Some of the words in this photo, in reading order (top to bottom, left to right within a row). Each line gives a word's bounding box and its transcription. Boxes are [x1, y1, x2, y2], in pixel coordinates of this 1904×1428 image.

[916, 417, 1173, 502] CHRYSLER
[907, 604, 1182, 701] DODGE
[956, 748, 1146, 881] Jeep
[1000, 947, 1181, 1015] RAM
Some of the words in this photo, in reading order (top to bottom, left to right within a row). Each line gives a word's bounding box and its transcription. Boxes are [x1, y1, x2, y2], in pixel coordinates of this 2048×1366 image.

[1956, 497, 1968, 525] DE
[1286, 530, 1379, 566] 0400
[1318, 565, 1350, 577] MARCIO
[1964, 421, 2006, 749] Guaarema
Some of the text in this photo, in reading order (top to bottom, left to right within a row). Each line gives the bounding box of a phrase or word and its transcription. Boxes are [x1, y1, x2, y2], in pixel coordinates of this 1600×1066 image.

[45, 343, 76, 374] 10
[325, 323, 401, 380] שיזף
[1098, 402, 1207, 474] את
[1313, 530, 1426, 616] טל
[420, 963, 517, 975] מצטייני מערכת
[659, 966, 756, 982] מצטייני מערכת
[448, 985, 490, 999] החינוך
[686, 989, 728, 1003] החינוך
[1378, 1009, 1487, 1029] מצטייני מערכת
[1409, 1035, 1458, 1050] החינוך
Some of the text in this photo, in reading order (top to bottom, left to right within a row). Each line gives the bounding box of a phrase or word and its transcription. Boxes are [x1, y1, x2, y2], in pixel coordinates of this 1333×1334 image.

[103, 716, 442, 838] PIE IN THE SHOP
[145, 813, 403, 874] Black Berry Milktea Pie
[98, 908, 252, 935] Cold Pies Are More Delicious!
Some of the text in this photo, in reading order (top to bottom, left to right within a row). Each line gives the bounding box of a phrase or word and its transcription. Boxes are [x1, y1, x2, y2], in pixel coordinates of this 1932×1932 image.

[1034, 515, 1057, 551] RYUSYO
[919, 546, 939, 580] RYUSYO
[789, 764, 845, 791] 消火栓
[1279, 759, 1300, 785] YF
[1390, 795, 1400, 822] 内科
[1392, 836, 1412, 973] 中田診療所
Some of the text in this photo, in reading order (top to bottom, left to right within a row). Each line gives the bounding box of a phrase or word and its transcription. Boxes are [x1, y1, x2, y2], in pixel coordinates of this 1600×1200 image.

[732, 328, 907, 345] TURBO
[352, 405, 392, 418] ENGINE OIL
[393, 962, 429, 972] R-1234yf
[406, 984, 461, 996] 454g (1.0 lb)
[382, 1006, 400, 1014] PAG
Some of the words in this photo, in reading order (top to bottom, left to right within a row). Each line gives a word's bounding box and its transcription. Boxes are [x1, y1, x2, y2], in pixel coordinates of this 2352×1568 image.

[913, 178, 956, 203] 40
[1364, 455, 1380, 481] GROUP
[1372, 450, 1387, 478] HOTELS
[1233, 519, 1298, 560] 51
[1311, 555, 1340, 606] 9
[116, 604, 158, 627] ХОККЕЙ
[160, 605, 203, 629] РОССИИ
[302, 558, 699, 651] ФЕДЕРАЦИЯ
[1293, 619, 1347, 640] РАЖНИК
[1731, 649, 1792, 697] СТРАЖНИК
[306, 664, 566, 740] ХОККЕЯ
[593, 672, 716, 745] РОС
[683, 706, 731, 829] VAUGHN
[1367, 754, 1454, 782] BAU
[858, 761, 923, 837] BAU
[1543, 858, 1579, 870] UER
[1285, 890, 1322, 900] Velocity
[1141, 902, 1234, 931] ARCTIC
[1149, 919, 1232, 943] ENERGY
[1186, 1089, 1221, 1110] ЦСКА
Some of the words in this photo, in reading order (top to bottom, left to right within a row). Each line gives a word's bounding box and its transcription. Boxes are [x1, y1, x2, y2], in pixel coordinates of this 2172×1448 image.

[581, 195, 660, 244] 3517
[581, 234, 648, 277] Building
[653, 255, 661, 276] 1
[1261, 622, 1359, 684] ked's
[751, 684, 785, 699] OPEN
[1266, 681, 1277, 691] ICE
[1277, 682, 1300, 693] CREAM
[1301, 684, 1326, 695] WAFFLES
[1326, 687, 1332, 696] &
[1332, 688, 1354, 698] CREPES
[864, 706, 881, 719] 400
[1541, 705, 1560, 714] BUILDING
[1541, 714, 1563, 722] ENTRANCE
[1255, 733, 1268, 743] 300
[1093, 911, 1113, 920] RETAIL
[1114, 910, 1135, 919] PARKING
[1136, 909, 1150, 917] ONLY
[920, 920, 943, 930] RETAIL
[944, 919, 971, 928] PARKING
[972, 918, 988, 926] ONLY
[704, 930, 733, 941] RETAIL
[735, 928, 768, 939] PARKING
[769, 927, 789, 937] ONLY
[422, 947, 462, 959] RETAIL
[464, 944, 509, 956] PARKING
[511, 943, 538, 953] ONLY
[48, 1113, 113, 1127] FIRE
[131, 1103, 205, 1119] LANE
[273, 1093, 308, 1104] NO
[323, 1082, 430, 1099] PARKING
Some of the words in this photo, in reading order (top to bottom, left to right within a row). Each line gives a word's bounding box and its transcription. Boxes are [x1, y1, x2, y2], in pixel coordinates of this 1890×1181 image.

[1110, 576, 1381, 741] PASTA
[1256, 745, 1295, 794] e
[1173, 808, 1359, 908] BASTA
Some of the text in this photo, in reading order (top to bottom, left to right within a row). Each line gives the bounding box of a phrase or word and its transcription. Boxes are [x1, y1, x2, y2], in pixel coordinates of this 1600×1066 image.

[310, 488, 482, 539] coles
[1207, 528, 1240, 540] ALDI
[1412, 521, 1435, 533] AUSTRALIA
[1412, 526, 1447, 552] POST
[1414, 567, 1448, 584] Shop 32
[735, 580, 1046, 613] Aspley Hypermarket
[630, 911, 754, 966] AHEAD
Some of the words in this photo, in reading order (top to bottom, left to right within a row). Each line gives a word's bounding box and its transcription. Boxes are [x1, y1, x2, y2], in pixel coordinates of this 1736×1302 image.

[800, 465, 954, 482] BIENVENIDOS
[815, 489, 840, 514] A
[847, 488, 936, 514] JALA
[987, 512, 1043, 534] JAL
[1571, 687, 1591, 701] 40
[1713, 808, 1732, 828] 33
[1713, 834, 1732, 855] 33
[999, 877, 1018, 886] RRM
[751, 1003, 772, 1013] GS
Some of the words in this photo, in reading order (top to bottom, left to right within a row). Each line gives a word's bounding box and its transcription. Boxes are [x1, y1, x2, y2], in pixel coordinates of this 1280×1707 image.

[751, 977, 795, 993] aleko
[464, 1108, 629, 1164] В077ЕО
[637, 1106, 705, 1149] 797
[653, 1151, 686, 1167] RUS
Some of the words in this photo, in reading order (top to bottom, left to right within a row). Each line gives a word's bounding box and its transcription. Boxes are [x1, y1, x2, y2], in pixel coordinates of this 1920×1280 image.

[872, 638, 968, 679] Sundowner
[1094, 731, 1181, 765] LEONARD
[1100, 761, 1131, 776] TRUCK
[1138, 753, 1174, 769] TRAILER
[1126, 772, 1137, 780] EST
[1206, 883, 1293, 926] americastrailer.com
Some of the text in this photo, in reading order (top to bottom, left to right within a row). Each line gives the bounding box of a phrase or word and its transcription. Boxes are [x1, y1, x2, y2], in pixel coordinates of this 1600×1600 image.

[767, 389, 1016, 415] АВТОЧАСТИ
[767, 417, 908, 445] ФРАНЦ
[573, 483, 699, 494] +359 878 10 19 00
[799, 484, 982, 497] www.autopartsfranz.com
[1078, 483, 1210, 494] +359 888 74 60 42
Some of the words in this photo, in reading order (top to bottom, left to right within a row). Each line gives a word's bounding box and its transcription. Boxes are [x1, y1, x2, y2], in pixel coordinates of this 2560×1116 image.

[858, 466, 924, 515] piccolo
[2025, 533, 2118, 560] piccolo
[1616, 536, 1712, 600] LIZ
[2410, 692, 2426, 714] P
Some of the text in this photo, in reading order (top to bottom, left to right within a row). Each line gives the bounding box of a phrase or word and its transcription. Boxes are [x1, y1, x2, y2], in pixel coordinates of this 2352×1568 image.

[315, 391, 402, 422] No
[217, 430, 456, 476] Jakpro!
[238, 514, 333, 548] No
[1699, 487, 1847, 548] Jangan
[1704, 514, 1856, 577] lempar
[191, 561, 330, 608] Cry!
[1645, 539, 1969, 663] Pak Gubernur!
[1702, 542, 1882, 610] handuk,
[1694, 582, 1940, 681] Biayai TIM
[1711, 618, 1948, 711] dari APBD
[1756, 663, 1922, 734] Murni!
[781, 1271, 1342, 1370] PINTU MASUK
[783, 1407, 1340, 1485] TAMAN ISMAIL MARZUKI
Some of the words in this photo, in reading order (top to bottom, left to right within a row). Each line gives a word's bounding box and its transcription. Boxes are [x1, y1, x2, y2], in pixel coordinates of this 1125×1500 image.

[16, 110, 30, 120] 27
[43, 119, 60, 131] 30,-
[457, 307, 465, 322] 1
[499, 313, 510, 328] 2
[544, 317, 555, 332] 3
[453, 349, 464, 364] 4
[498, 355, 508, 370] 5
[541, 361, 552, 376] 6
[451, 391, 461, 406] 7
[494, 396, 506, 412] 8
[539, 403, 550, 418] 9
::::
Prompt -> Could you copy exactly the line containing "this 1125×1500 image." and each line after it through the end of the records, and nothing else?

Response area ->
Some of the words in this photo, in reading order (top to bottom, left to right within a row). Each line gives a word's bounding box and its transcription. Boxes are [x1, y1, x2, y2], in pixel coordinates of this 1125×1500 image.

[16, 110, 30, 120] 27
[43, 119, 60, 131] 30,-
[457, 307, 465, 322] 1
[499, 313, 510, 328] 2
[544, 317, 555, 332] 3
[453, 349, 464, 364] 4
[498, 355, 508, 370] 5
[541, 361, 552, 376] 6
[451, 391, 461, 406] 7
[494, 396, 506, 412] 8
[539, 403, 550, 418] 9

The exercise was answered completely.